The lines to reproduce run from the one containing "Some of the words" through the end of the records below. Reproduce them exactly and add nothing.

Top of Records for this task

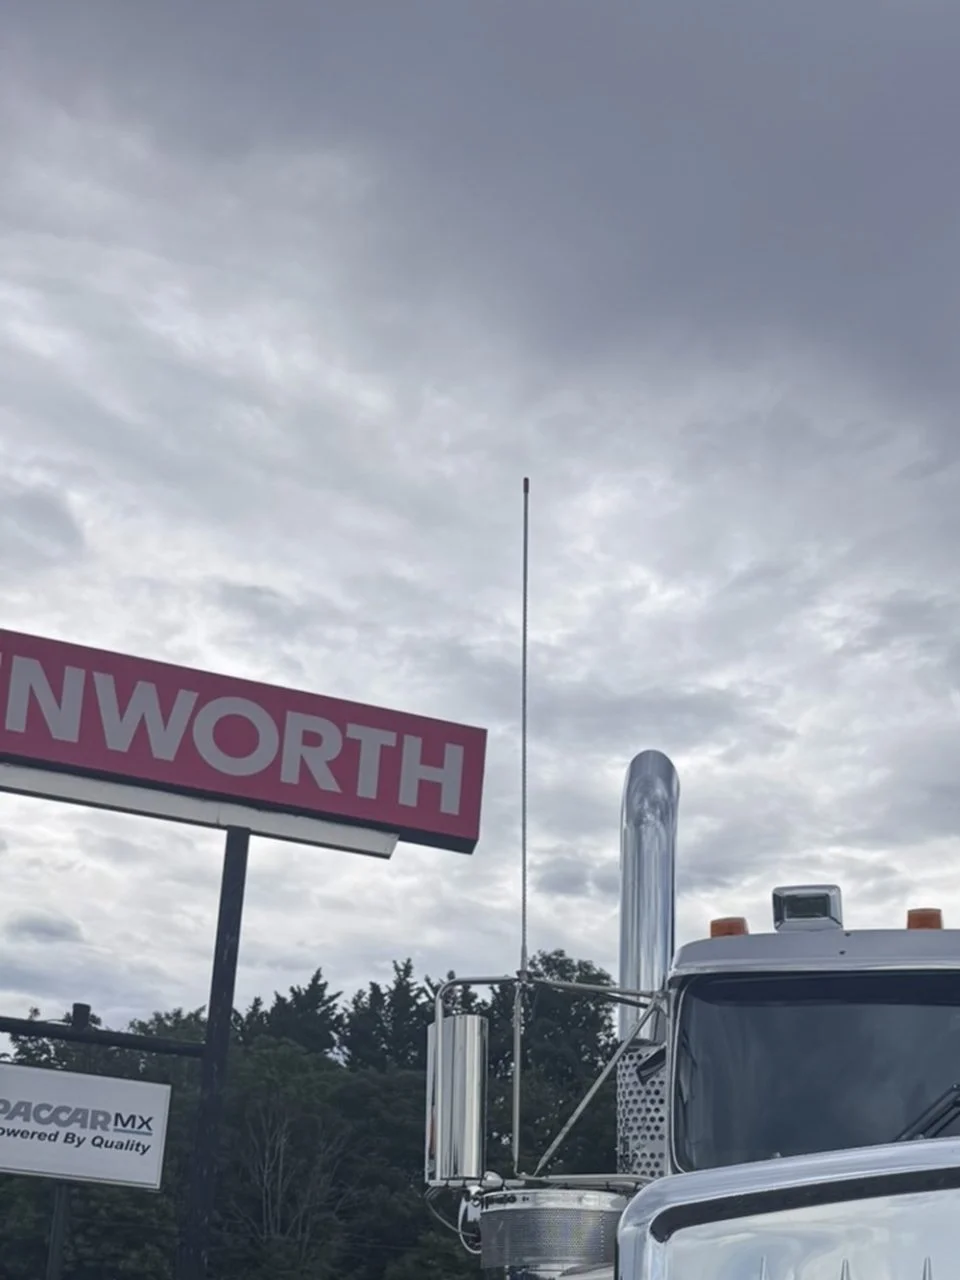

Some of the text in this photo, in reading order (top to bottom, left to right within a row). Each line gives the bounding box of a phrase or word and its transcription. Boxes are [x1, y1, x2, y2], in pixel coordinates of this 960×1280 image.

[0, 652, 465, 816] NWORTH
[63, 1131, 87, 1149] By
[91, 1135, 152, 1157] Quality
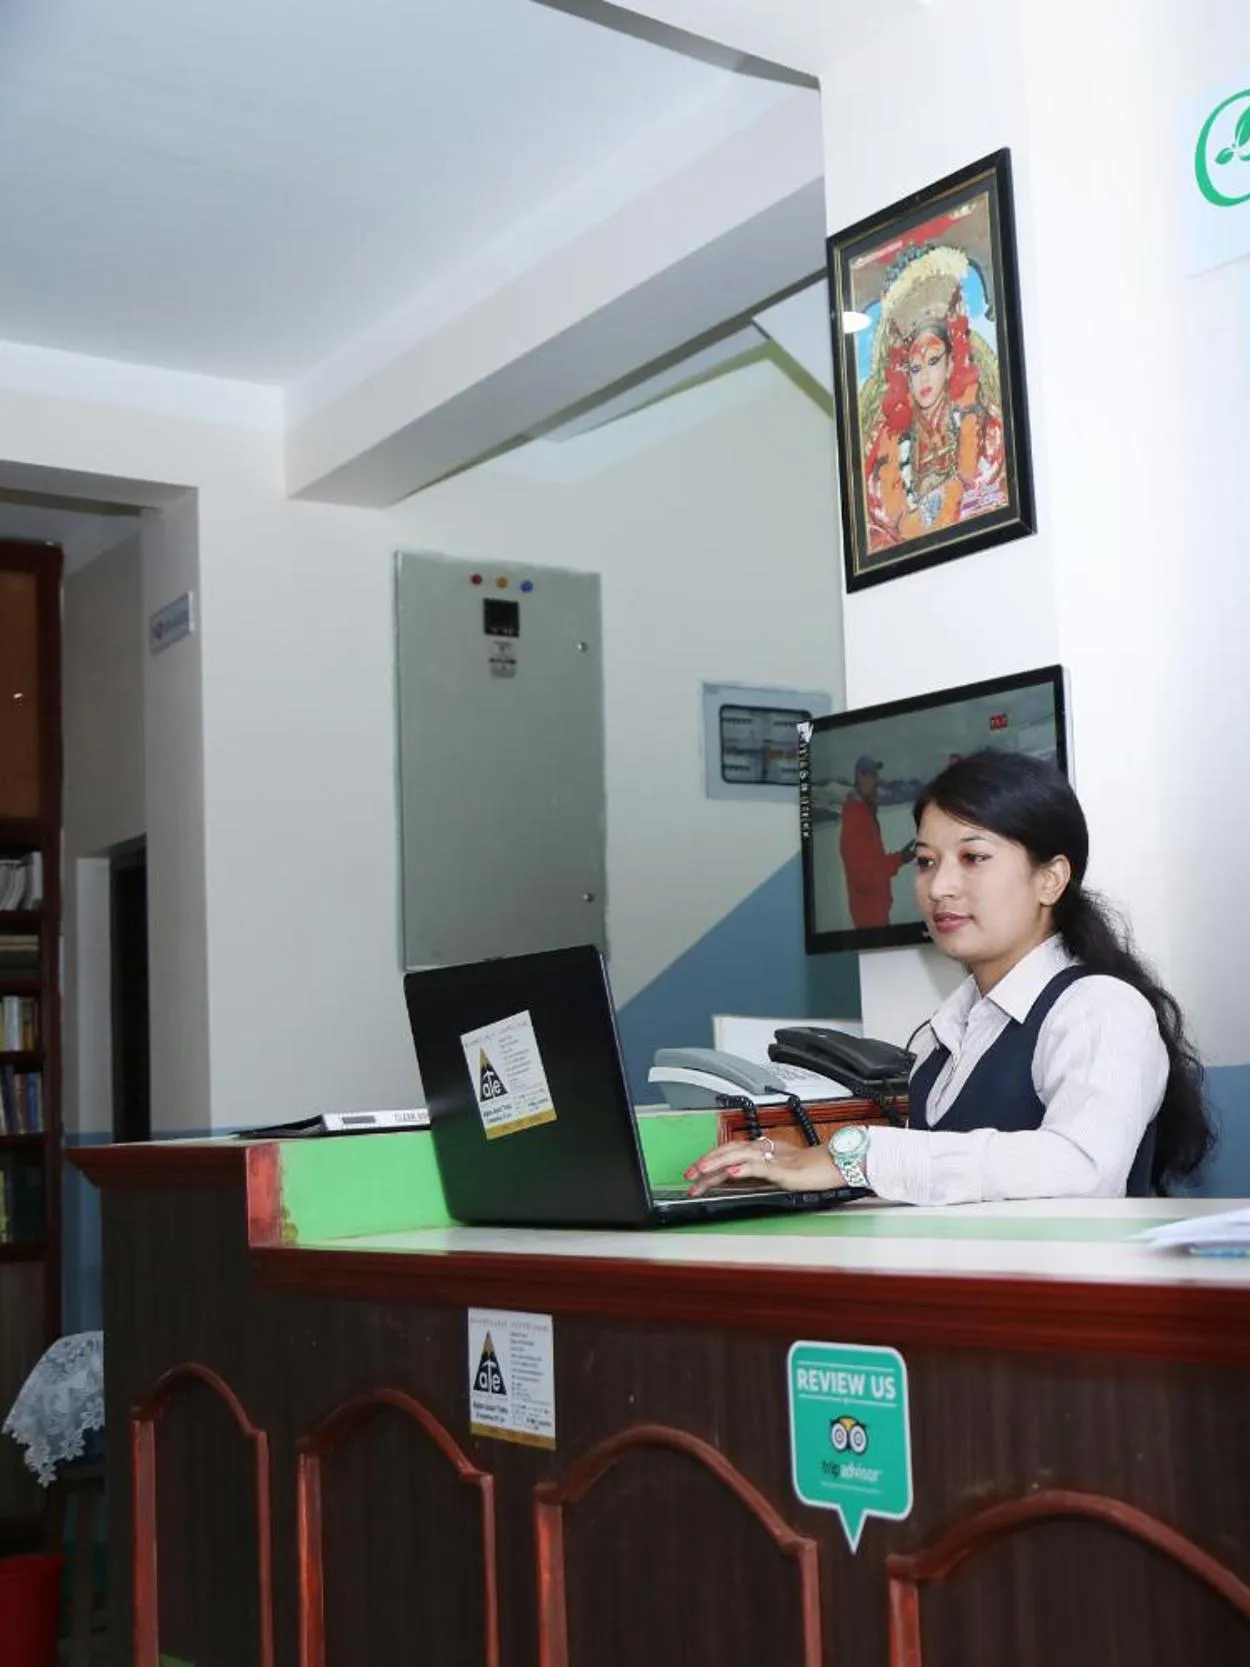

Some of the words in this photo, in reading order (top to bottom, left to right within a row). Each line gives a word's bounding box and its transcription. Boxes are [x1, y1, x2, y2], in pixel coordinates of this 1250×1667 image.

[797, 1369, 865, 1396] REVIEW
[871, 1375, 897, 1400] US
[822, 1459, 882, 1482] tripadvisor

Bottom of Records for this task

▸ **Solved exercise**:
Some of the words in this photo, in reading order (top to bottom, left to right within a row). Each line gives a word's bounding box and its transcription. Boxes are [x1, y1, x2, y2], in pixel coordinates of this 1250×1667 image.

[797, 1369, 865, 1396] REVIEW
[871, 1375, 897, 1400] US
[822, 1459, 882, 1482] tripadvisor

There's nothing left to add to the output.